The yearly teacher's strikes threaten all of this, according to Pedro Corres Silla, president of Canacope, Oaxaca's version of a Chamber of Commerce.

"We were prepared to endure a few days," of the strike, he told the Oaxacan daily NOTICIAS. "But the mobilizations have been extended, [and] the situation begins to be risky for the merchants."

He further complained that as long as "there is blackmail and demonstrations, Oaxaca will never get ahead."

Teachers approached for an interview declined to comment; a request to Section 22 for an interview was not returned. But strikers in the past have dismissed criticisms that their actions hurt Oaxaca's restaurants, with one telling the Los Angeles Times in 2016 that those affected were "mostly bourgeois establishments."

The local media, however, has complained loudly about the strike. Oaxaca's biggest daily, El Imparcial (The Impartial), has particularly savaged protestors, printing photos of what they say are piles of teacher trash. Earlier this month, they published an article tellingly titled in Spanish "Restaurateurs in Oaxaca's Center Can't Bear it Anymore," not even bothering to identify what "it" was, since they knew their readers knew. The article quoted a restaurant owner who called the occupation a "kidnapping" and claimed that his business was just 20 percent of normal.

"The teachers don't eat in our restaurants...and our work is at risk" an unnamed waiter told the paper, as El Imparcial described him as "busily convincing some people to enter the restaurant."

One American who has seen what the strikes do to Oaxaca City's culinary tourism is Sarah Portnoy, associate professor of Spanish at the University of Southern California and author of the 2016 book "Food, Health, and Culture in Latino Los Angeles," which discusses Oaxacan foodways in the City of Angels.
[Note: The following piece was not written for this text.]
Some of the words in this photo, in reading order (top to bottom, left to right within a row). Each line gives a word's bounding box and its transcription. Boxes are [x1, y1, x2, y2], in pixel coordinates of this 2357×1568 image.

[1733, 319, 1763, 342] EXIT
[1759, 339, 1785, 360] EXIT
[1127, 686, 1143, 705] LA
She has visited Oaxaca multiple summers since 2006, when Portnoy went on her honeymoon and saw that year's months-long blockade up close.
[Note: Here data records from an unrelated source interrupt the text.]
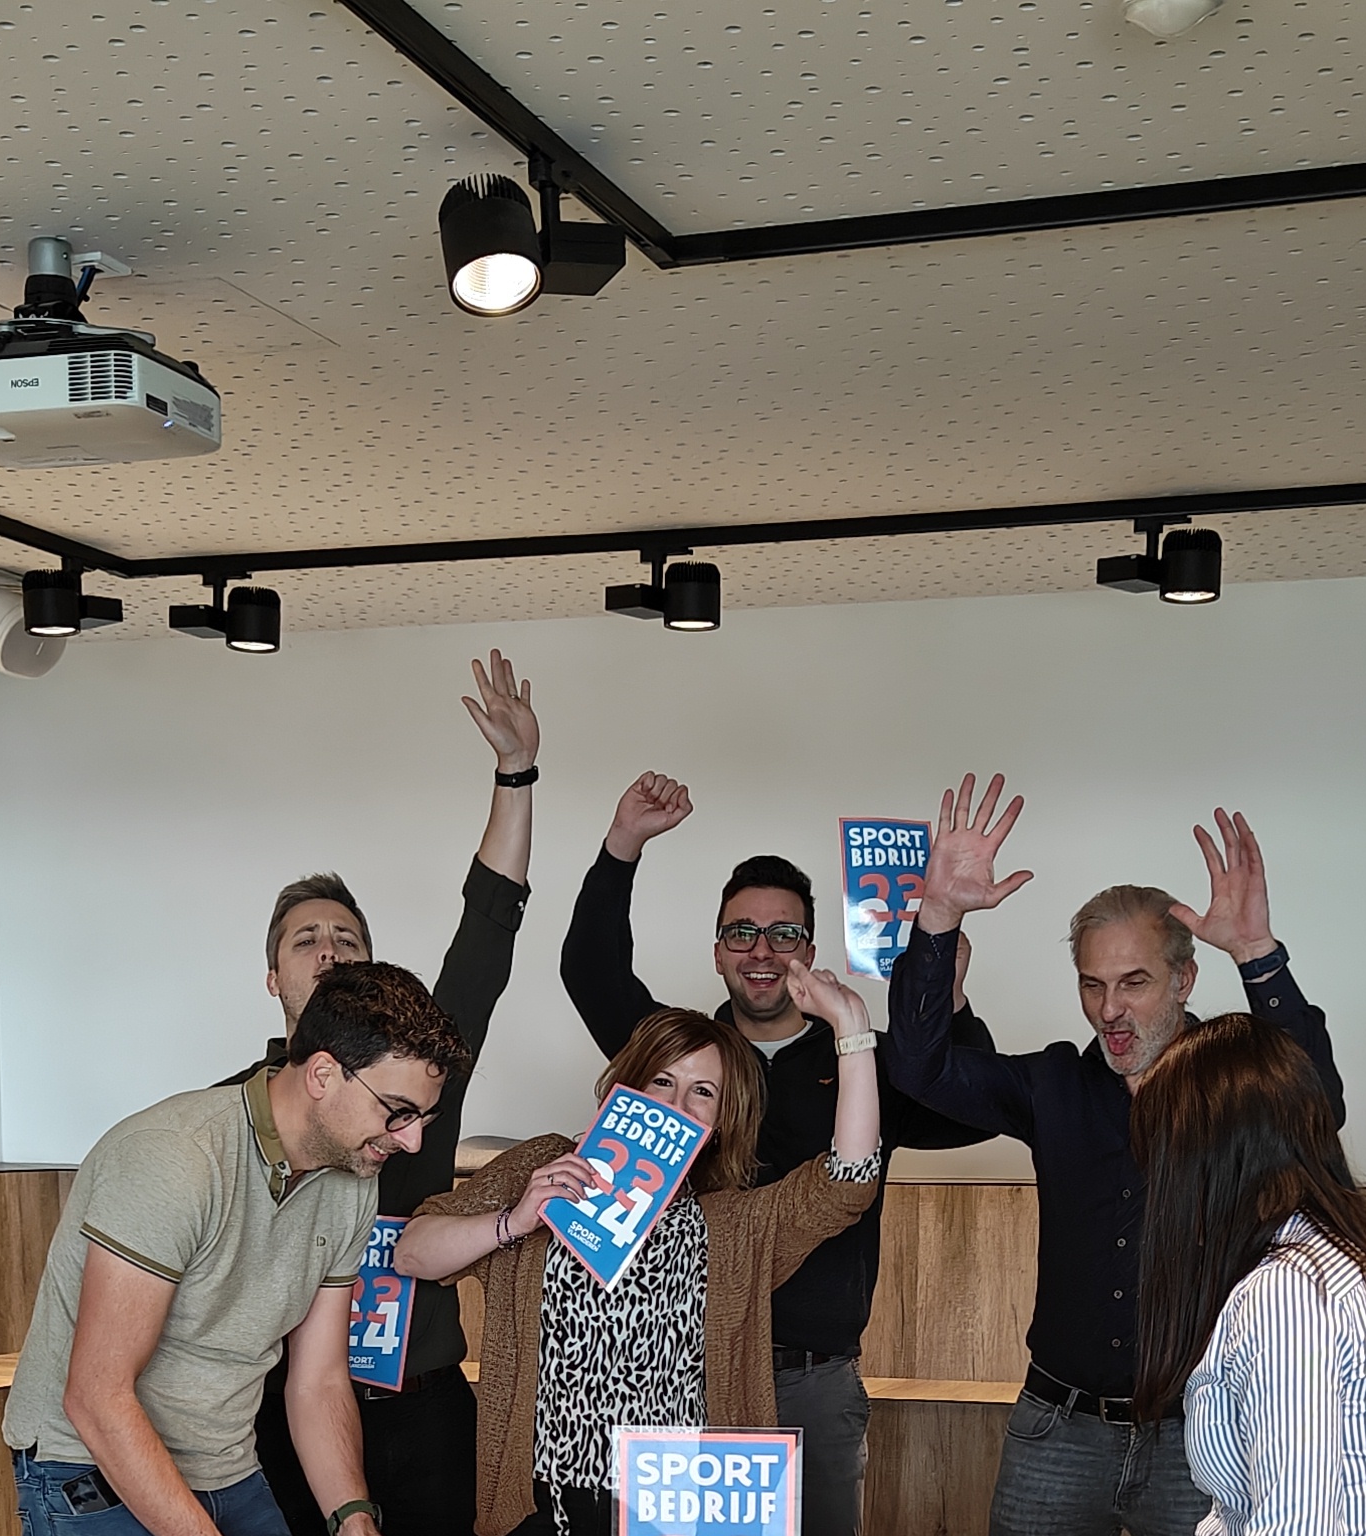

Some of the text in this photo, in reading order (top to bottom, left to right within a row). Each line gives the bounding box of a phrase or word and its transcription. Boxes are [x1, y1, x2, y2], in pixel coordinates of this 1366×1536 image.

[11, 378, 39, 389] EPSON
[848, 827, 924, 848] SPORT
[851, 847, 927, 868] BEDRIJF
[859, 873, 925, 922] 23
[601, 1111, 686, 1167] BEDRIJF
[612, 1096, 697, 1147] SPORT
[592, 1138, 665, 1212] 23
[565, 1157, 654, 1249] 24
[348, 1355, 376, 1365] PORT.
[635, 1452, 780, 1487] SPORT
[637, 1488, 776, 1525] BEDRIJF
This year, the professor took students on a three-week tour of the state and city just as the strike was starting, visiting palenques and small villages. They encountered few major obstacles other than traffic jams. But that's not how it's always been for Portnoy.

"Two years ago, my husband and I were" at a restaurant near the Zócalo, she said. "We were the only ones in the restaurant, and the chef was lamenting that he couldn't get his ingredients through because of blockades on the highways into Oaxaca."
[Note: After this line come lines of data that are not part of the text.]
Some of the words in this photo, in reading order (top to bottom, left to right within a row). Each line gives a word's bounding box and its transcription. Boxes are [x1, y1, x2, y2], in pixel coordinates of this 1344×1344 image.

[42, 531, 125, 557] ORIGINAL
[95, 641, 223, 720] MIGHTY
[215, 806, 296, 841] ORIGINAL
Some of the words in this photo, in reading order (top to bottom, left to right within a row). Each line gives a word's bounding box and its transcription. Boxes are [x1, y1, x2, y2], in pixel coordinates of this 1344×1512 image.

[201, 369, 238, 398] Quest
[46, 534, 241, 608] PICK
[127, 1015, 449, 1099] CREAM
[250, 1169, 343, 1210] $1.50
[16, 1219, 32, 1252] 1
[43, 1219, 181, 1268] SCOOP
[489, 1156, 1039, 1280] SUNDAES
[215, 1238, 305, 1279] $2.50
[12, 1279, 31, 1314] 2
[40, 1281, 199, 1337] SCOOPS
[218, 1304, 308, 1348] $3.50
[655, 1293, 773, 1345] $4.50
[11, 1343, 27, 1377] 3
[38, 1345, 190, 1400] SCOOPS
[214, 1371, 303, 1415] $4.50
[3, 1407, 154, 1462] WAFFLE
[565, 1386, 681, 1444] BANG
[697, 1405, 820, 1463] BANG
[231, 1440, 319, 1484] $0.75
Portnoy says regular oaxaqueños do have "sympathy for the teachers and their struggles." Some of them include increased classroom sizes, a push by the Mexican government to introduce private funds into the country's education system, and a demand that teachers take a competency exam every four years in order to keep their jobs. But "if the strikes are bad," Portnoy says, "tourists stop coming. Restaurants can barely afford to operate."

Restaurateurs asked for comment for this story declined to be identified, citing fears of retribution by Section 22. But one prominent chef who has spoken out in the past is Rodolfo Castellanos, owner of the high-end Origen, which stands just steps from the Zócalo. He won the premier season of Top Chef Mexico in 2016, and returned to an empty restaurant thanks to that year's strike.

Castellanos didn't necessarily oppose the teachers, but bitterly complained about the drop in customers. "If they don't produce, if they don't create, well, don't take [our business] away," he told the Mexican business montly Alto Nivel. "A month and a half is too much. It's like being closed. If customers see teachers lying on the ground and tarps covering everything, they'll go [elsewhere]."


Gustavo Arellano is the author of Taco USA: How Mexican Food Conquered America, and a longtime guest on NPR's "Barbershop" segment on Weekend All Things Considered.